*WHAT IS NEEDED*:
From top to bottom, write out the listing exactly and skip every picture.

..............................

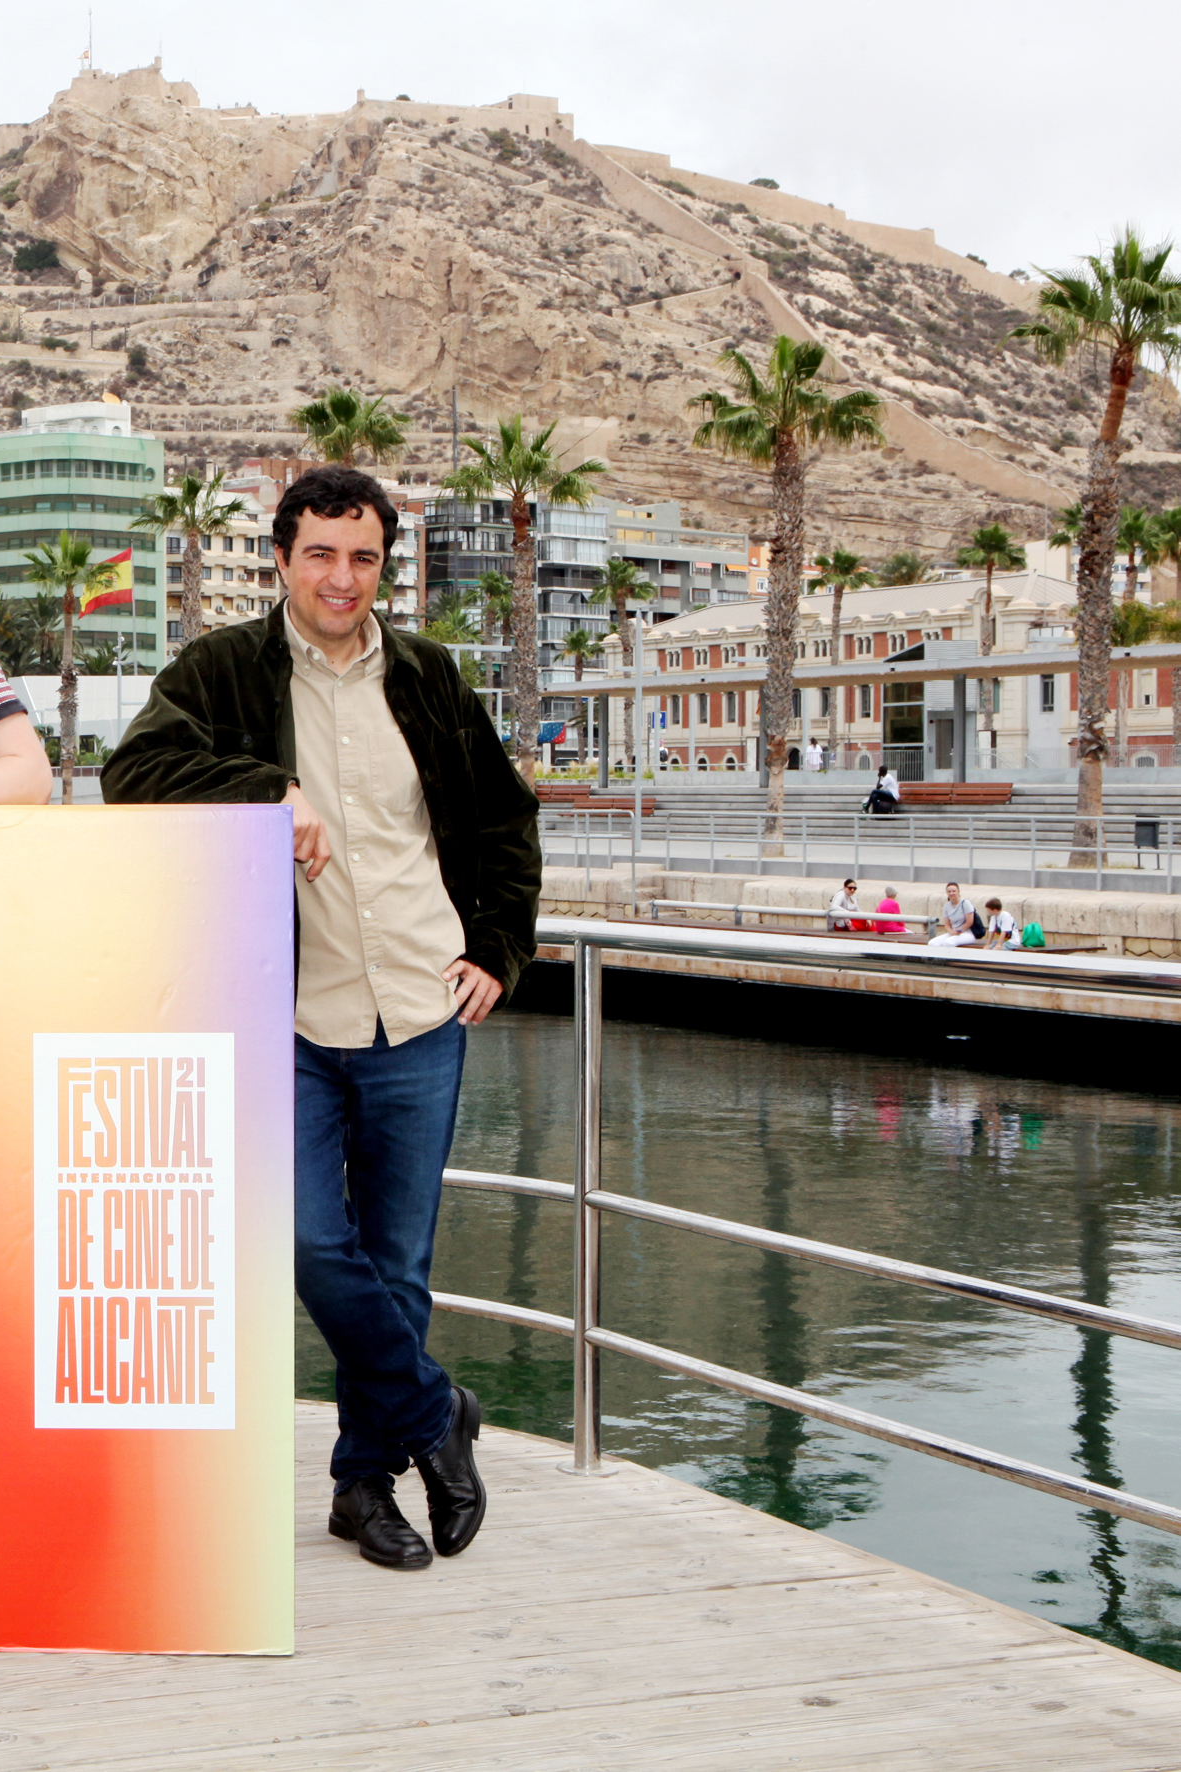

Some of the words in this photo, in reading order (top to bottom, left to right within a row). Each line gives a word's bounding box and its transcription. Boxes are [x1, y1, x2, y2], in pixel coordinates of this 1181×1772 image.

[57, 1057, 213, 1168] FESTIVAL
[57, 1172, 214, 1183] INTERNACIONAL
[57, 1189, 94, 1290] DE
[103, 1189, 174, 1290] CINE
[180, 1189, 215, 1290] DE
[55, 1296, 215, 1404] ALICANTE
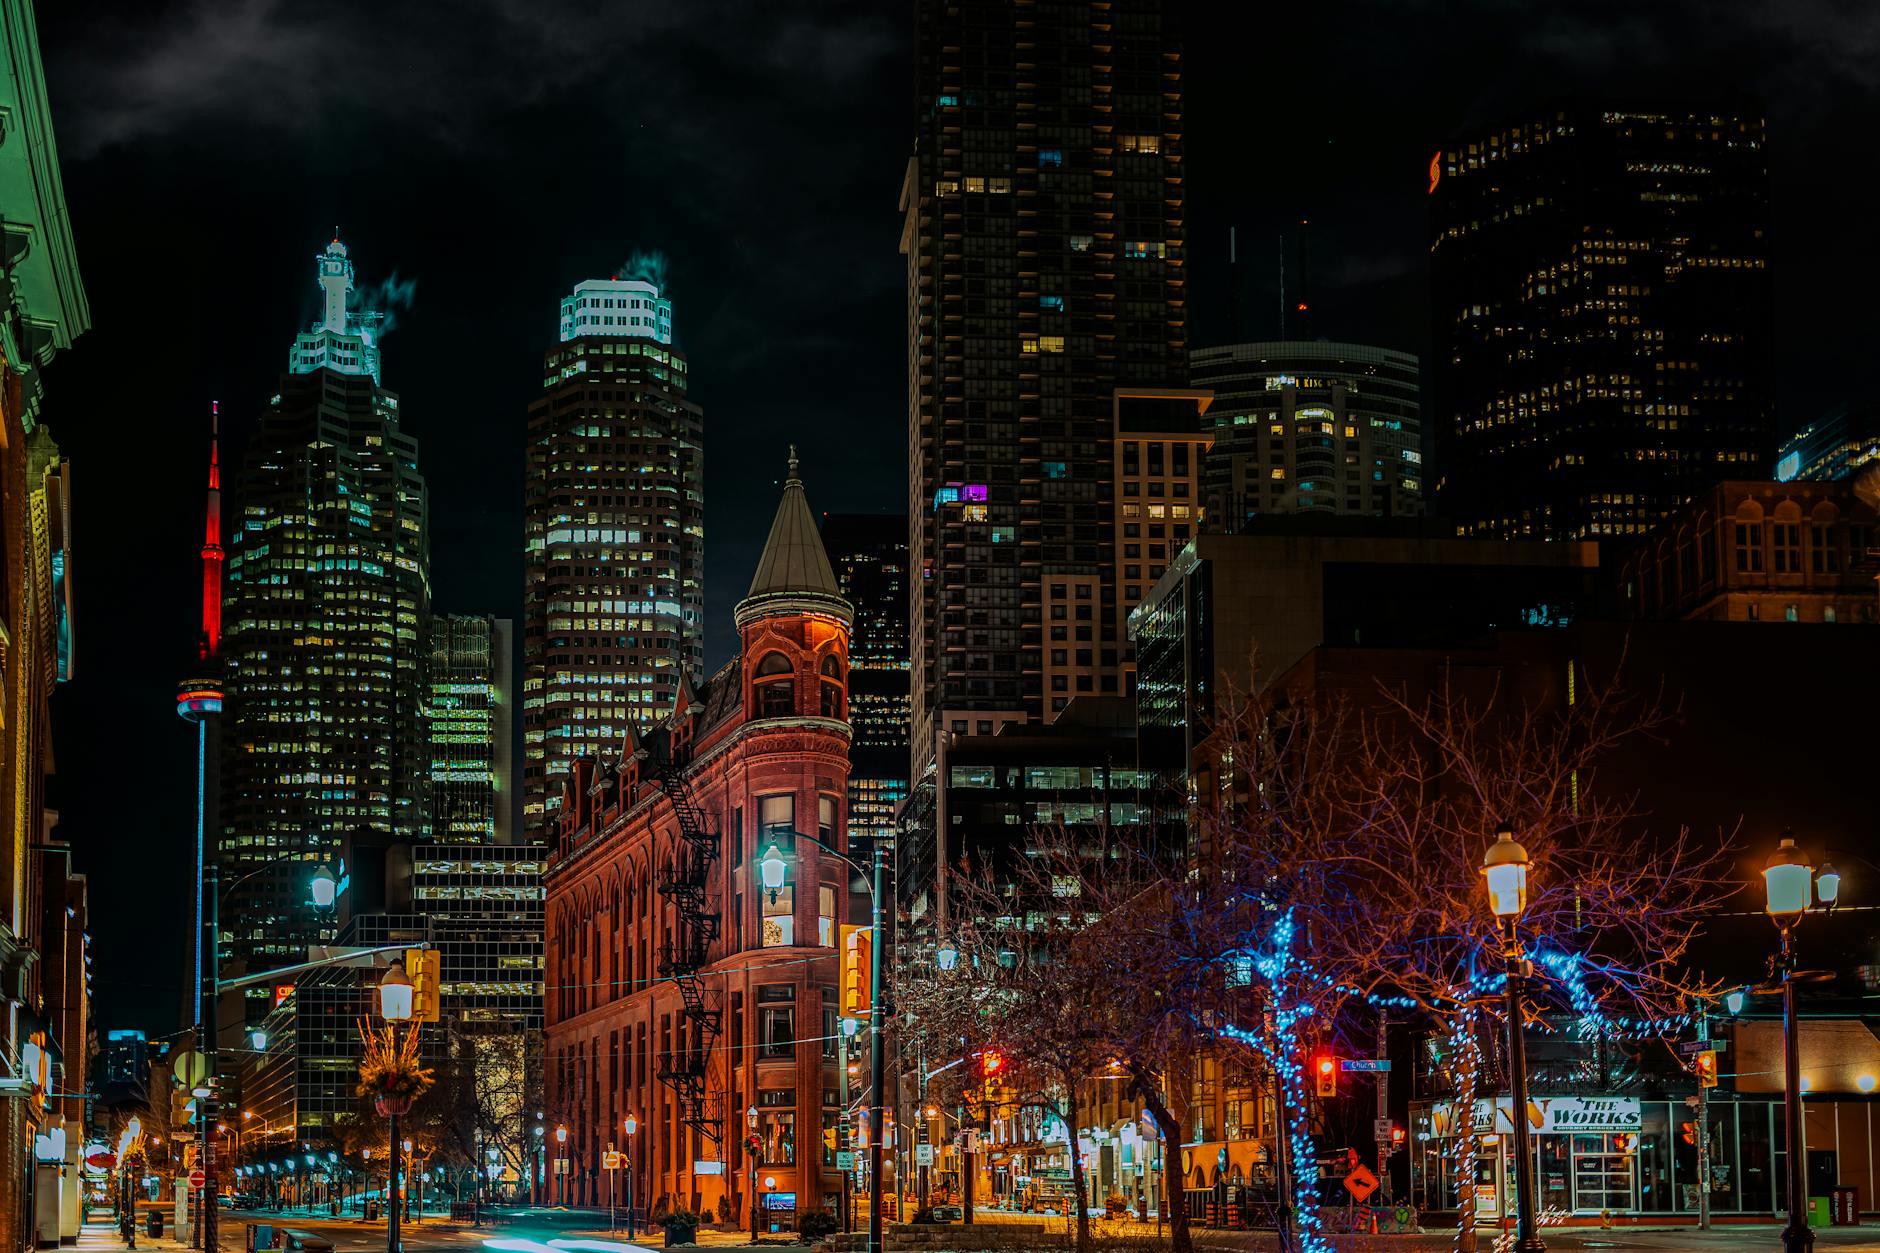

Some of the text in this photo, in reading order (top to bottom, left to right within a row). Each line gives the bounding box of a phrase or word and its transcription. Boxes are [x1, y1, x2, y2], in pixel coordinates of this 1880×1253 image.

..............................

*RESPONSE TO THIS TASK*:
Some of the words in this photo, in reading order (top to bottom, left to right within a row). Each line gives a word's bounding box and its transcription. Boxes are [x1, y1, x2, y2], in pixel coordinates of this 1181×1772 image.

[57, 1057, 213, 1168] FESTIVAL
[57, 1172, 214, 1183] INTERNACIONAL
[57, 1189, 94, 1290] DE
[103, 1189, 174, 1290] CINE
[180, 1189, 215, 1290] DE
[55, 1296, 215, 1404] ALICANTE

Some of the text in this photo, in reading order (top to bottom, left to right within a row). Each line gives the bounding box of a phrase or word and its transcription. Boxes are [x1, y1, x2, y2], in pixel coordinates of this 1880×1253 image.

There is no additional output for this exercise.